The last study on a similar scale, the HIV Sentinel Surveillance from 2006, estimated the infection rate among pregnant women attending health clinics at 1.1 percent.
“[This] proves that the prevalence rate is about 0.25 percent only. It dramatically declined compared to 2006’s estimated prevalence rate, which was 1 percent,” Dr Chhi Vun said, adding average infection rates among pregnant women varied between the provinces from 0.15 percent to 0.5 percent.
Dr Chhi Vun said last year NCHADs program for screening pregnant women had already found that infection rates of around 0.25 percent, but the number of women tested had since more than doubled as the program continues to be scaled up.
During the first quarter of 2010, 412 health centers and 33 district hospitals were involved in testing pregnant women, he said, up from 68 centers and five hospitals at the program’s start in 2008.
Penelope Campbell, chief of HIV and AIDS at Unicef, which supports around a third of the program’s testing activities, said the program had shown infection rates among pregnant women were lower than previously estimated.
“With the expansion of screening of pregnant women the number of infected women has been lower than estimated,” she said, adding the declining infection rates in this group was part of the general trend of declining HIV/AIDS infection rates among the Cambodian population.
The current predicted prevalence rate for the general population in Cambodia is 0.7 percent, which is a sharp decline from the 2 percent rate reported in 1998, UNAIDS said in January.
Ms Campbell did however also point to data from the National Maternal Child Health Center, which found that among 146,453 pregnant women tested for HIV/AIDS in 2009, 1,128 pregnant women, or 0.77 percent, tested positive.
Dr Chhi Vun said he was unfamiliar with the NMCHC data and declined to comment on the difference in reported infection rates.

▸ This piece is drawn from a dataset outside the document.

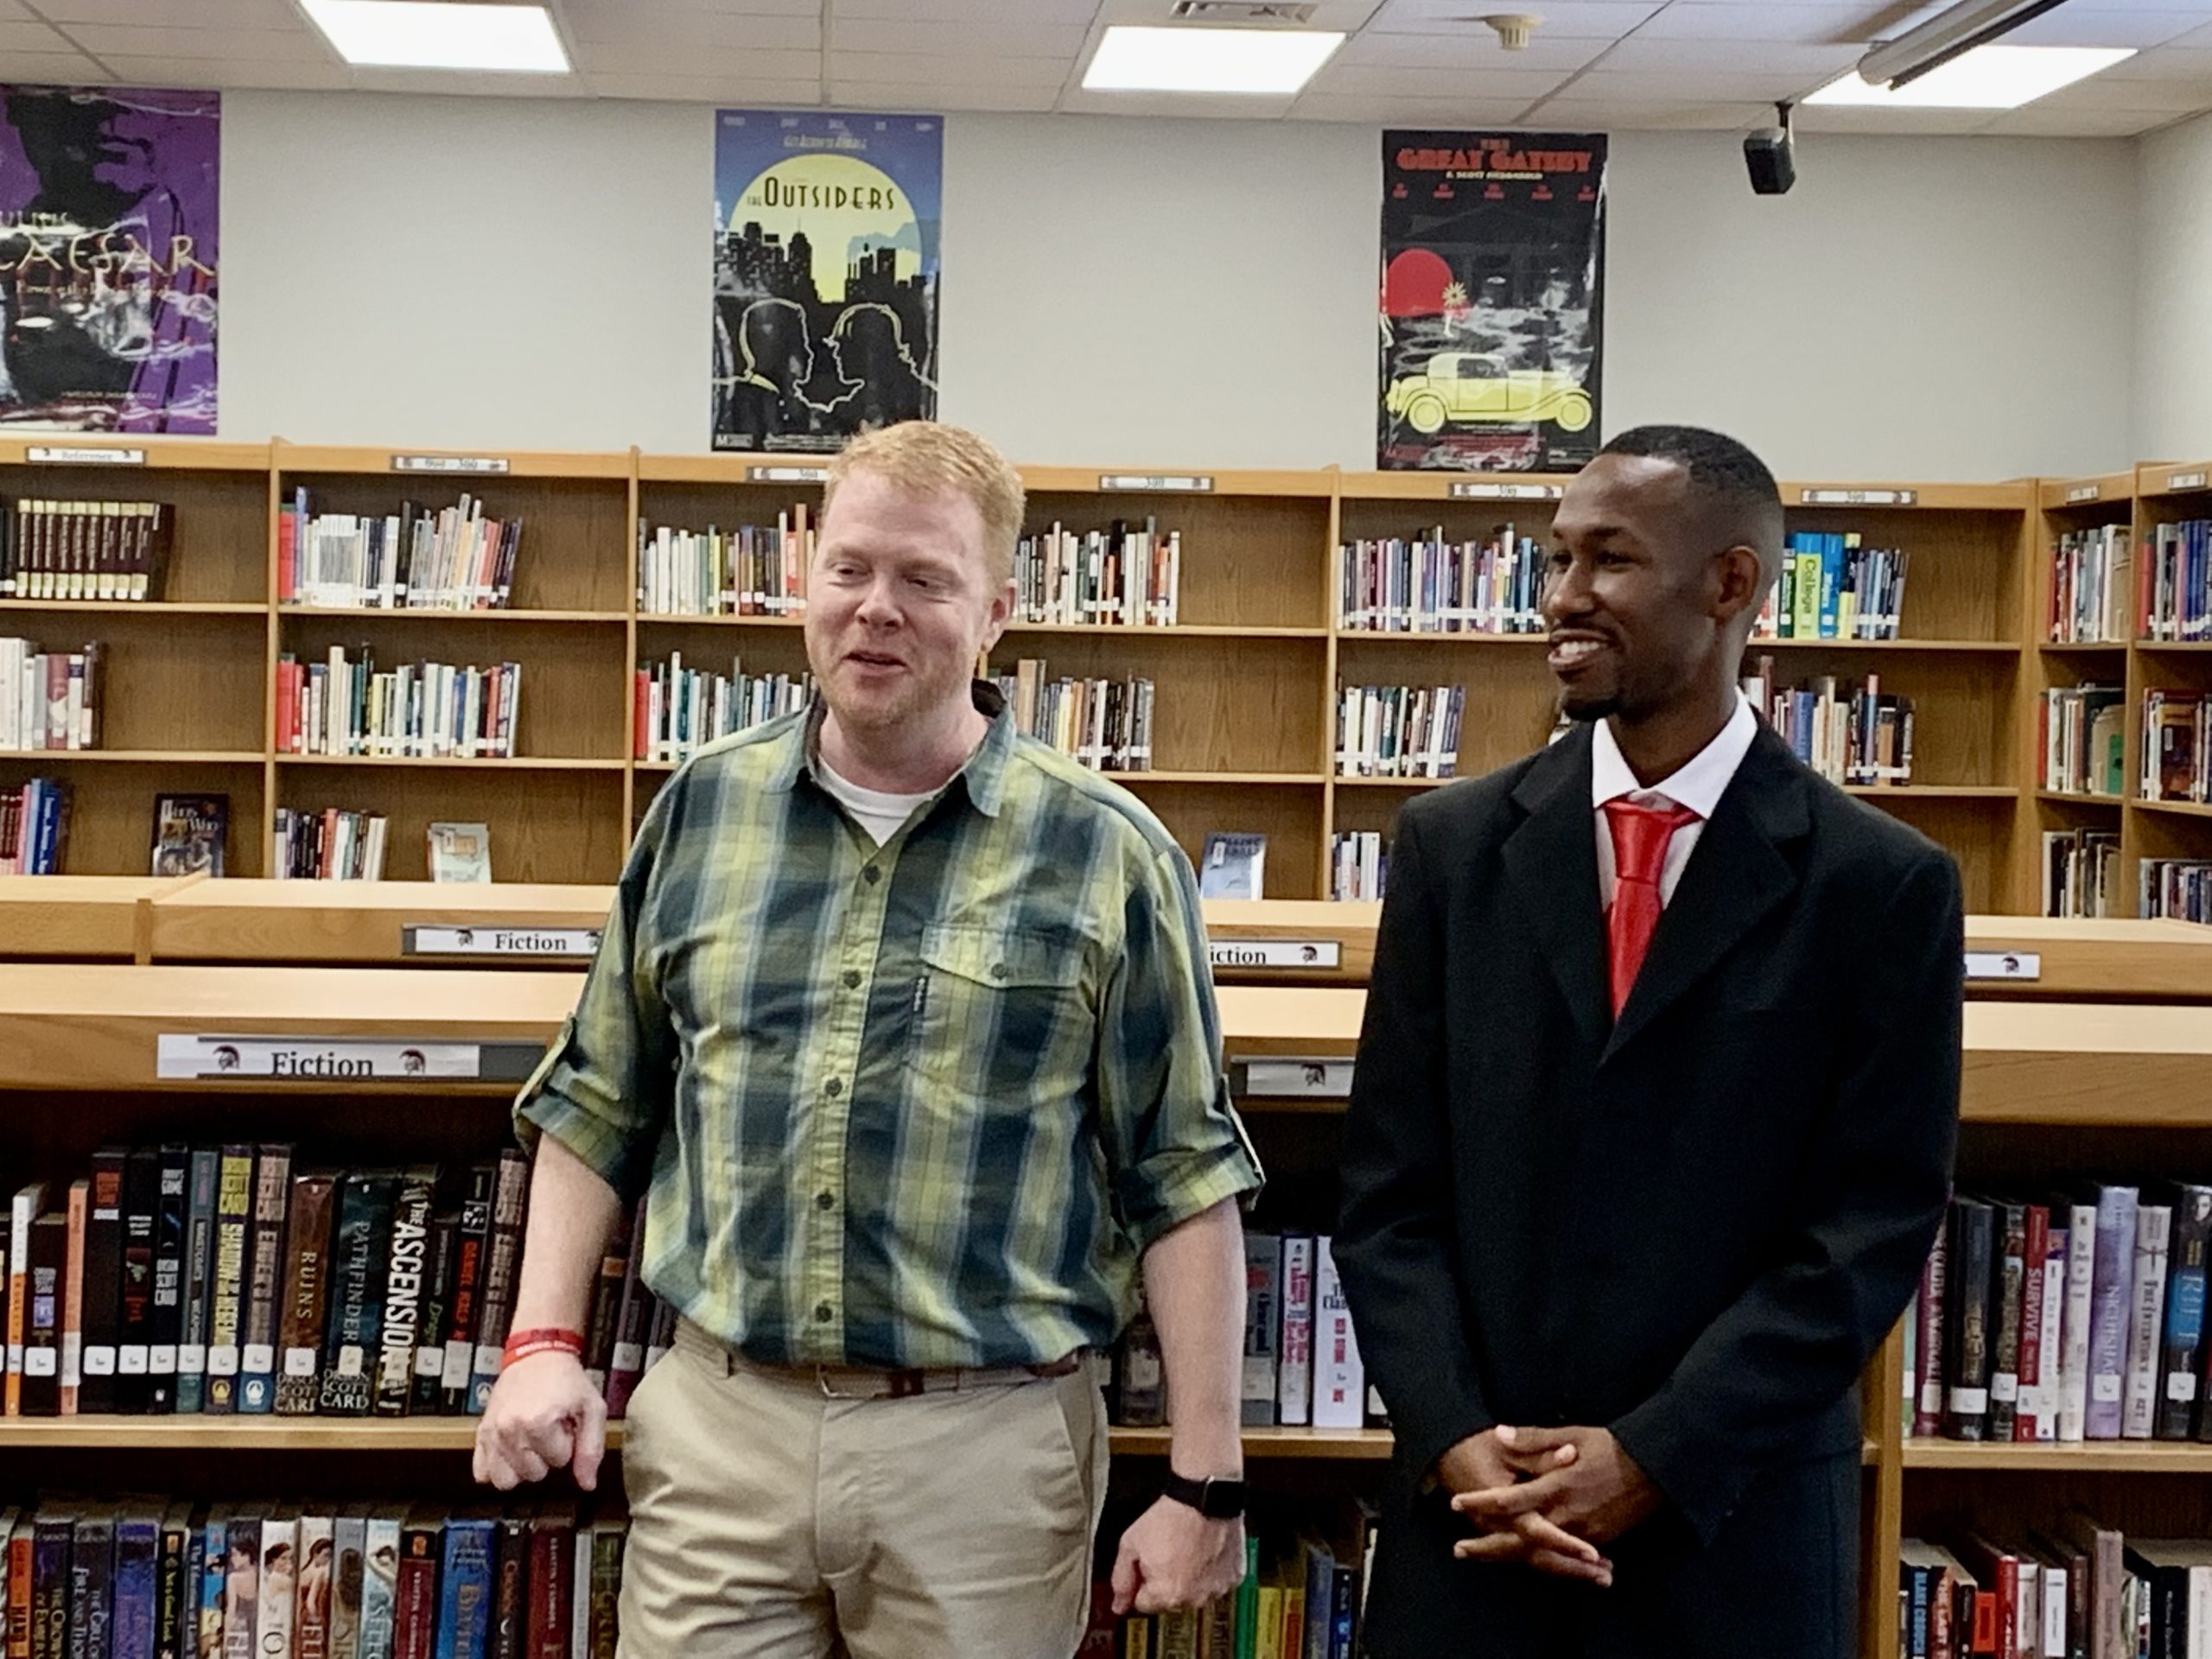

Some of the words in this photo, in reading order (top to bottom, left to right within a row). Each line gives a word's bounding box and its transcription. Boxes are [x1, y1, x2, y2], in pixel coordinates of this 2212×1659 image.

He went on to say that pregnant women who tested positive for HIV/AIDS go on to receive medical advice and treatment from the 14th week of their pregnancy onwards. This treatment aims to fight the virus infection and reduce the chance of mother-to-child transmission of HIV, he said, while adding that newborn babies would also receive medication.
In 2009, the virus transmission rate from mother to child after treatment was between 7 and 10 percent, Dr Chhi Vun said, explaining that without treatment this rate is around 25 percent.
“We are hoping to reduce the infection from mother to child to 1 to 2 percent… We are eager to see the prevalence rate of HIV infection from mother to babies drop to 0.5 percent in 2020,” he added.